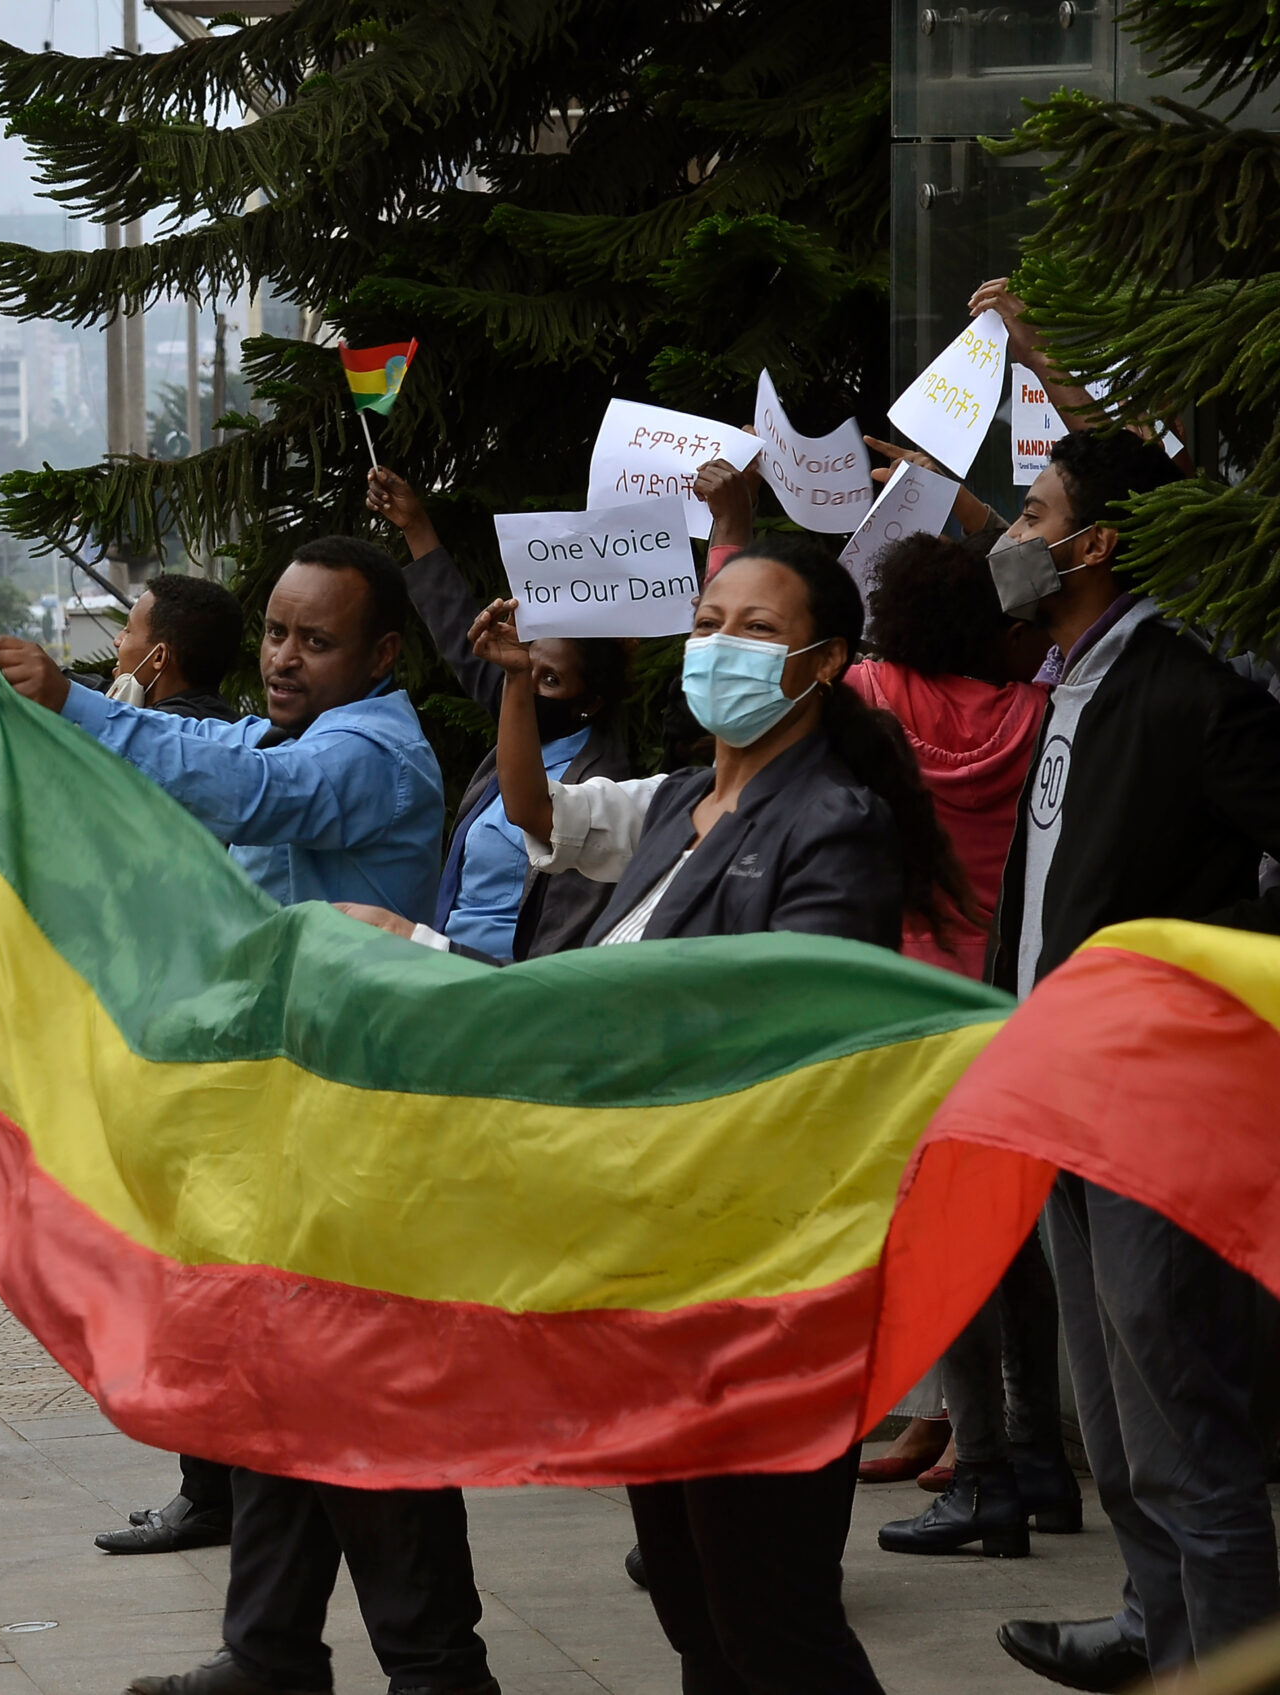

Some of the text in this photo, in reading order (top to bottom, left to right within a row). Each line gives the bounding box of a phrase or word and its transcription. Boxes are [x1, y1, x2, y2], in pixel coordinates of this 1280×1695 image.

[1022, 384, 1045, 403] Face
[1044, 413, 1051, 429] Is
[764, 408, 787, 455] One
[791, 446, 856, 474] Voice
[772, 461, 869, 506] Our Dam
[527, 529, 670, 562] One Voice
[524, 575, 695, 603] for Our Dam
[1040, 755, 1064, 810] 90

*Activity*.
Once the pictures are set aside, restate the remaining data above exactly.

*Your solution*.
Some of the text in this photo, in reading order (top to bottom, left to right within a row). Each line gives the bounding box of a phrase or word and its transcription. Boxes are [x1, y1, x2, y2], in pixel coordinates of this 1280×1695 image.

[1022, 384, 1045, 403] Face
[1044, 413, 1051, 429] Is
[764, 408, 787, 455] One
[791, 446, 856, 474] Voice
[772, 461, 869, 506] Our Dam
[527, 529, 670, 562] One Voice
[524, 575, 695, 603] for Our Dam
[1040, 755, 1064, 810] 90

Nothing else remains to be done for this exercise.